Figure 4. Replica watch spam related to Black Friday

Header patterns observed by Symantec in Thanksgiving weekend spam
The headers displayed in the messages could include anything ranging from catchy keywords about the sale to something as simple as random names.

  • From: "Thanksgiving Flowers" <Thanksgiving.Flowers@[REMOVED]>
  • From: "Black Friday Digital Camera" <BlackFridayDigitalCamera@[REMOVED]>
  • From: "Clearance | BestWay Time" <keepcommen.jc@[REMOVED]>

Subject lines are usually very cleverly crafted to draw attention to the mail. 

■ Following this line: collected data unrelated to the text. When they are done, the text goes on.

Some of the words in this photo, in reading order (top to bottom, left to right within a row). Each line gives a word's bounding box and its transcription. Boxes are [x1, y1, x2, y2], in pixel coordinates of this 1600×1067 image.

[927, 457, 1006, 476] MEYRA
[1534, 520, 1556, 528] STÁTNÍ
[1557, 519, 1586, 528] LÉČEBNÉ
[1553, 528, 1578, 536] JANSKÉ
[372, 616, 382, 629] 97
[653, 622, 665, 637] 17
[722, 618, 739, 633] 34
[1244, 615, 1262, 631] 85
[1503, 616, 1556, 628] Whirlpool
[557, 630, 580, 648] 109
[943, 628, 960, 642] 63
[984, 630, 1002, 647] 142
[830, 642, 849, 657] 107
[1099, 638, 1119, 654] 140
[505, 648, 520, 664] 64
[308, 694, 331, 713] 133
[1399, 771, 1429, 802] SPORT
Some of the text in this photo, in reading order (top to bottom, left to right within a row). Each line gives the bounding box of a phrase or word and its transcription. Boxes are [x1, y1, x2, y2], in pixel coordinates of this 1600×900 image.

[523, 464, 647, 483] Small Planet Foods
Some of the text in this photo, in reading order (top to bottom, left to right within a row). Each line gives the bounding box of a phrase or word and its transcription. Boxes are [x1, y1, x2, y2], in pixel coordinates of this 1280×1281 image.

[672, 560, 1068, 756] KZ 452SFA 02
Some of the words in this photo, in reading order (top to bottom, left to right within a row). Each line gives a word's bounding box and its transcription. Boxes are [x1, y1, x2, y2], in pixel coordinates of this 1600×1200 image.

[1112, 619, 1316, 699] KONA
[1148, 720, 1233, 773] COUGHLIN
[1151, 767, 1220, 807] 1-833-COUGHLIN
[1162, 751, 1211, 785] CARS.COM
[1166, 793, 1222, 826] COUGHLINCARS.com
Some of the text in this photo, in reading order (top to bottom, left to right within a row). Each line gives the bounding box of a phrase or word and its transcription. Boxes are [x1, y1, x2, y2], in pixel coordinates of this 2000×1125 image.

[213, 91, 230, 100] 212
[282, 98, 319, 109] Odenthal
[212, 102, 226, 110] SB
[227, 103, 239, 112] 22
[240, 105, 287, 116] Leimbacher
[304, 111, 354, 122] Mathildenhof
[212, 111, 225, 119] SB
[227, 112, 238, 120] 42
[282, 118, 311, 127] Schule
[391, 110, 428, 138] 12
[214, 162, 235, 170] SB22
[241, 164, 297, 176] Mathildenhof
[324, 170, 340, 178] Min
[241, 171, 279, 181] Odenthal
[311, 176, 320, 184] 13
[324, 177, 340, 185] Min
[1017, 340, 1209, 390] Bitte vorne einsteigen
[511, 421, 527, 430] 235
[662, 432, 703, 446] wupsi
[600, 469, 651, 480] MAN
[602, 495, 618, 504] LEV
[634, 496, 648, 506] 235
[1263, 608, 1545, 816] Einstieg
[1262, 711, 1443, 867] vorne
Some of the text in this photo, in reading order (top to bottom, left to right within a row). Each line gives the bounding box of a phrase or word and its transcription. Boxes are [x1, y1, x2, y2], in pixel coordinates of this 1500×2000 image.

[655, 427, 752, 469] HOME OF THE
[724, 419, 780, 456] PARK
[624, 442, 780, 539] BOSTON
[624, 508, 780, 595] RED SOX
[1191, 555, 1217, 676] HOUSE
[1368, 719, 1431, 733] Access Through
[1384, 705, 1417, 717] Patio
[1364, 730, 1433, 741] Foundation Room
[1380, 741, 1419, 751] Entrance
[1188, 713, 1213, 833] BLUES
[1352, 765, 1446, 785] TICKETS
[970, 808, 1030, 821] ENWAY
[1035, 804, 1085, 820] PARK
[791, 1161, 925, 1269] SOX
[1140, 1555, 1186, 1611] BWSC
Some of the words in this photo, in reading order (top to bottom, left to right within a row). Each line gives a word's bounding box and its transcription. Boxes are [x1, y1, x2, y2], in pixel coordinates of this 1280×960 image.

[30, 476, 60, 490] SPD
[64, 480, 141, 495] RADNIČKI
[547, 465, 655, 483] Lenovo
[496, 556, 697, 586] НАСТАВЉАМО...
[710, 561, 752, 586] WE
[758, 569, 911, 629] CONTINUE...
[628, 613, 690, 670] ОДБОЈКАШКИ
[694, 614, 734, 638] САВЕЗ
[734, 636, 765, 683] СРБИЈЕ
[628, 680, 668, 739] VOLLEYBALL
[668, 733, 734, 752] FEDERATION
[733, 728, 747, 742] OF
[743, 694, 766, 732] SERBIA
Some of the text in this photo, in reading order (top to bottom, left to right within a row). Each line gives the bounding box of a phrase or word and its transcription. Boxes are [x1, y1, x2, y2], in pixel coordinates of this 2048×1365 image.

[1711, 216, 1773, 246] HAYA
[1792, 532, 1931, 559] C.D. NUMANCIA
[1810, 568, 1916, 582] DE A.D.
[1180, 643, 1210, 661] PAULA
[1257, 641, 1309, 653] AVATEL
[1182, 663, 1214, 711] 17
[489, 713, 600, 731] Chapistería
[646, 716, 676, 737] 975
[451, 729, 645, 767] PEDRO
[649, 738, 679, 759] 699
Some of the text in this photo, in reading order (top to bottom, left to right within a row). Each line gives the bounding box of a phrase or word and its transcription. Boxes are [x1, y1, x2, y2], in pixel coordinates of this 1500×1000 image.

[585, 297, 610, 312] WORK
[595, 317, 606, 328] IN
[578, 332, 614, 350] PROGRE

  • Subject: Find Black Friday Deals at [REMOVED]
  • Subject: Ahead of Black-Friday: [REMOVED] rolls out deals November 11th         
  • Subject: iPad Air Black Friday prices posted (90 percent savings)   
  • Subject: Black Friday Starts Today with [REMOVED]!
  • Subject: Make Thanksgiving extraordinary with fall flowers for $19.99!
  • Subject: Wow! Thanksgiving bouquets, just $19.99.
  • Subject: Look 23lbs thinner by thanksgiving
  • Subject: Receive increased spending limits on your card this Thanksgiving

Symantec advises our readers to use caution when opening unsolicited mails. False promises, blinding displays and unbelievable discounts are all part of spammer’s game. Anything that sounds too good to be true should be treated with skepticism. We are closely monitoring all attacks to ensure that readers are kept up to date with information on the latest threats.